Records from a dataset
========================================

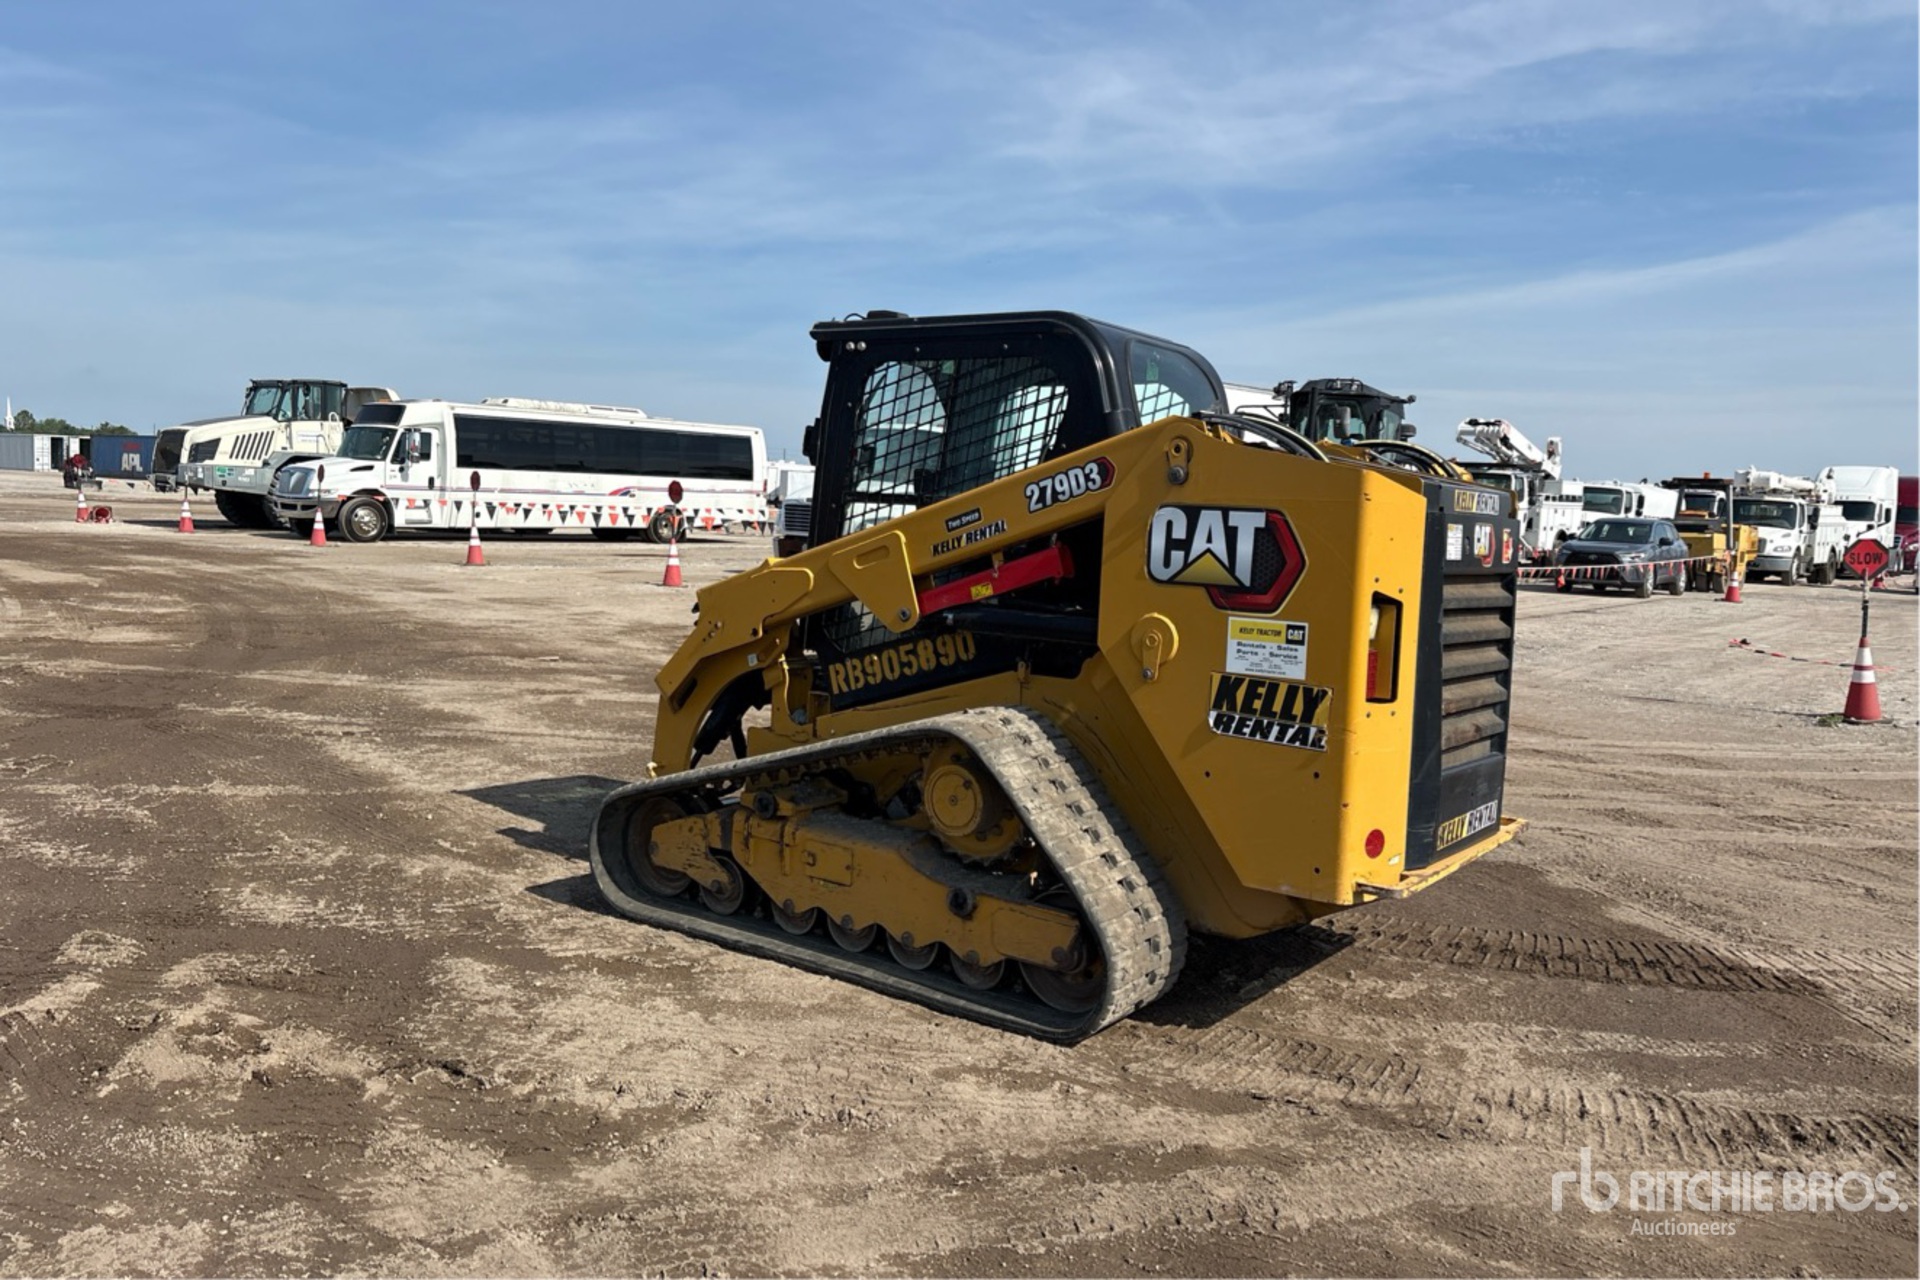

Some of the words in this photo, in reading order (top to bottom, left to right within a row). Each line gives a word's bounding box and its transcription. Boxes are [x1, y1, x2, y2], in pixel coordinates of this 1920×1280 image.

[121, 452, 143, 471] APL
[1025, 462, 1102, 513] 279D3
[1454, 490, 1476, 511] KELLY
[932, 534, 964, 557] KELLY
[964, 520, 1007, 545] RENTAL
[1150, 506, 1266, 588] CAT
[1849, 552, 1883, 565] SLOW
[1236, 641, 1267, 650] Rentals
[1287, 629, 1304, 640] CAT
[828, 629, 976, 695] RB905890
[1236, 648, 1259, 656] Parts
[1268, 651, 1298, 660] Service
[1212, 674, 1328, 724] KELLY
[1212, 712, 1327, 750] RENTAL
[1438, 815, 1466, 848] KELLY
[1466, 802, 1497, 834] RENTAL
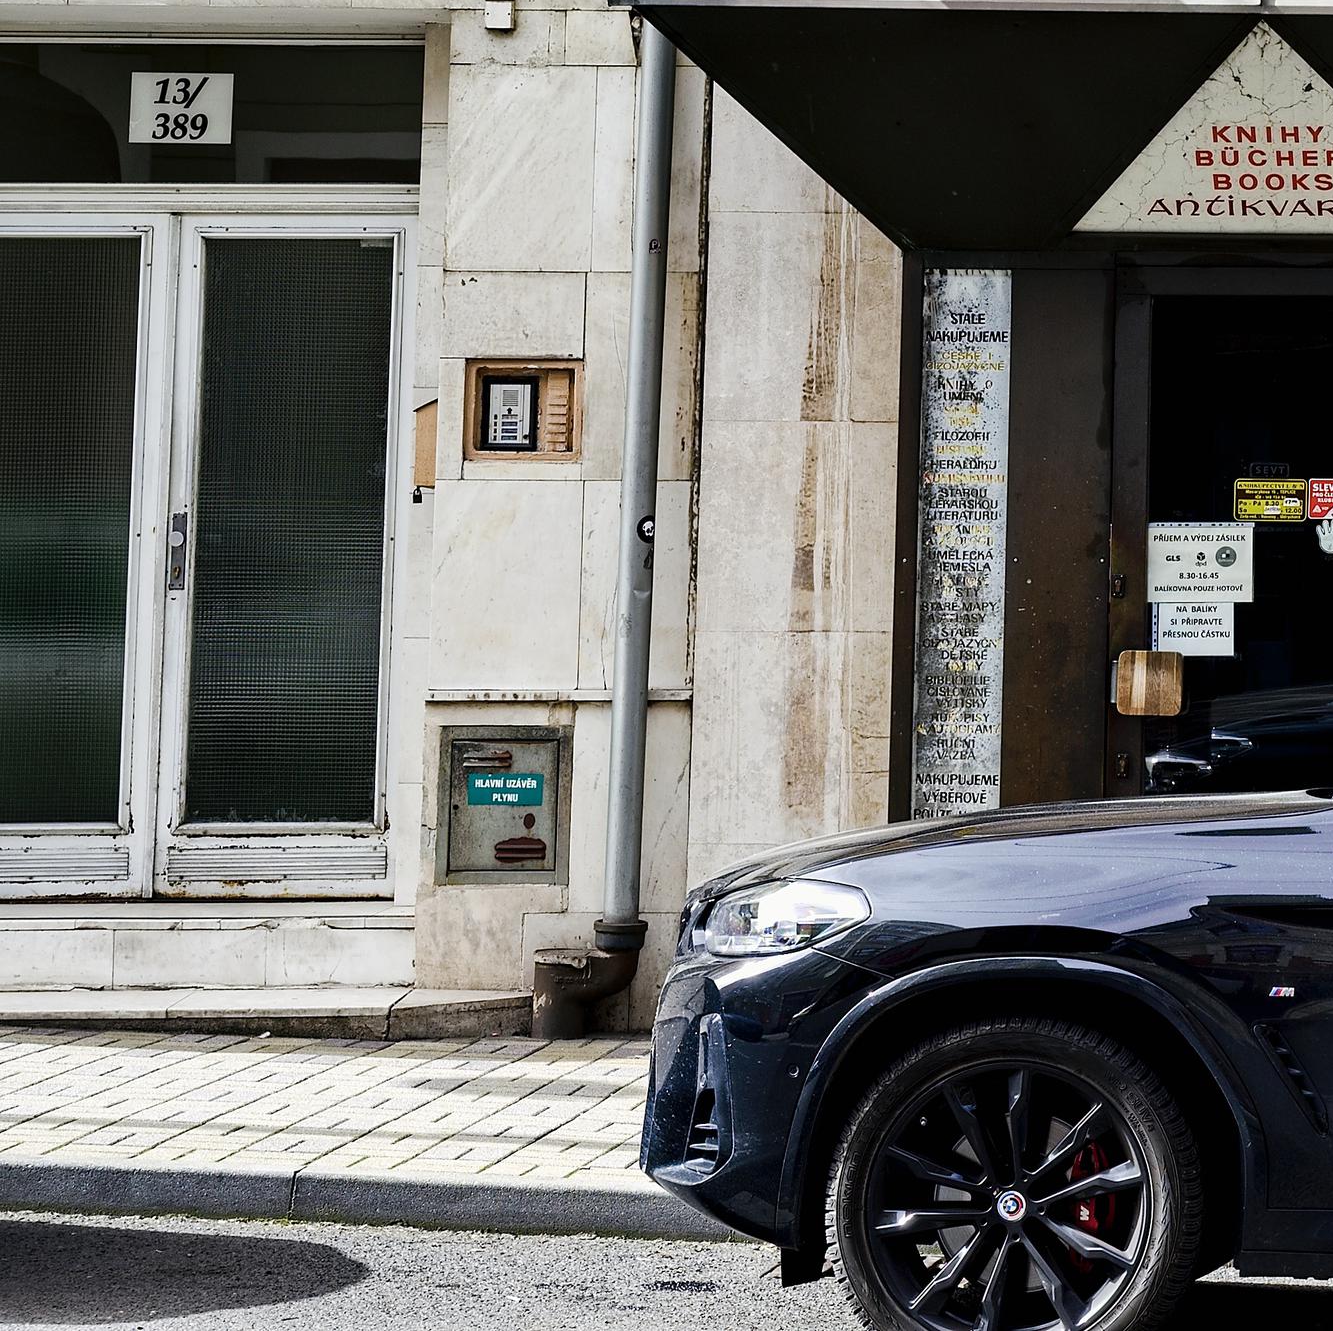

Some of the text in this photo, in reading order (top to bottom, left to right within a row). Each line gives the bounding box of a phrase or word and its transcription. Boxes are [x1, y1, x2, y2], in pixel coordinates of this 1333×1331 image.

[153, 76, 210, 109] 13/
[151, 112, 209, 140] 389
[1211, 125, 1325, 145] KNIHY
[1212, 172, 1333, 192] BOOKS
[925, 330, 1009, 343] NAKUPUJEME
[930, 459, 997, 469] HERALDIKU
[926, 510, 999, 521] LITERATURU
[1153, 534, 1181, 542] PŘÍJEM
[1191, 534, 1214, 542] VÝDEJ
[1216, 534, 1246, 542] ZÁSILEK
[962, 601, 998, 612] MAPY
[1191, 605, 1218, 613] BALÍKY
[1181, 617, 1222, 625] PŘIPRAVTE
[1162, 629, 1231, 638] PŘESNOU ČÁSTKU
[475, 776, 537, 789] HLAVNÍ UZÁVĚR
[915, 773, 999, 786] NAKUPUJEME
[492, 793, 518, 802] PLYNU
[923, 788, 987, 804] VÝBĚROVĚ

========================================

### Your instructions
Write out the records shown above exactly, but do not include any images.

### Problem solution
Some of the words in this photo, in reading order (top to bottom, left to right within a row). Each line gives a word's bounding box and its transcription. Boxes are [x1, y1, x2, y2], in pixel coordinates of this 1920×1280 image.

[121, 452, 143, 471] APL
[1025, 462, 1102, 513] 279D3
[1454, 490, 1476, 511] KELLY
[932, 534, 964, 557] KELLY
[964, 520, 1007, 545] RENTAL
[1150, 506, 1266, 588] CAT
[1849, 552, 1883, 565] SLOW
[1236, 641, 1267, 650] Rentals
[1287, 629, 1304, 640] CAT
[828, 629, 976, 695] RB905890
[1236, 648, 1259, 656] Parts
[1268, 651, 1298, 660] Service
[1212, 674, 1328, 724] KELLY
[1212, 712, 1327, 750] RENTAL
[1438, 815, 1466, 848] KELLY
[1466, 802, 1497, 834] RENTAL

Some of the text in this photo, in reading order (top to bottom, left to right within a row). Each line gives the bounding box of a phrase or word and its transcription. Boxes are [x1, y1, x2, y2], in pixel coordinates of this 1333×1331 image.

[153, 76, 210, 109] 13/
[151, 112, 209, 140] 389
[1211, 125, 1325, 145] KNIHY
[1212, 172, 1333, 192] BOOKS
[925, 330, 1009, 343] NAKUPUJEME
[930, 459, 997, 469] HERALDIKU
[926, 510, 999, 521] LITERATURU
[1153, 534, 1181, 542] PŘÍJEM
[1191, 534, 1214, 542] VÝDEJ
[1216, 534, 1246, 542] ZÁSILEK
[962, 601, 998, 612] MAPY
[1191, 605, 1218, 613] BALÍKY
[1181, 617, 1222, 625] PŘIPRAVTE
[1162, 629, 1231, 638] PŘESNOU ČÁSTKU
[475, 776, 537, 789] HLAVNÍ UZÁVĚR
[915, 773, 999, 786] NAKUPUJEME
[492, 793, 518, 802] PLYNU
[923, 788, 987, 804] VÝBĚROVĚ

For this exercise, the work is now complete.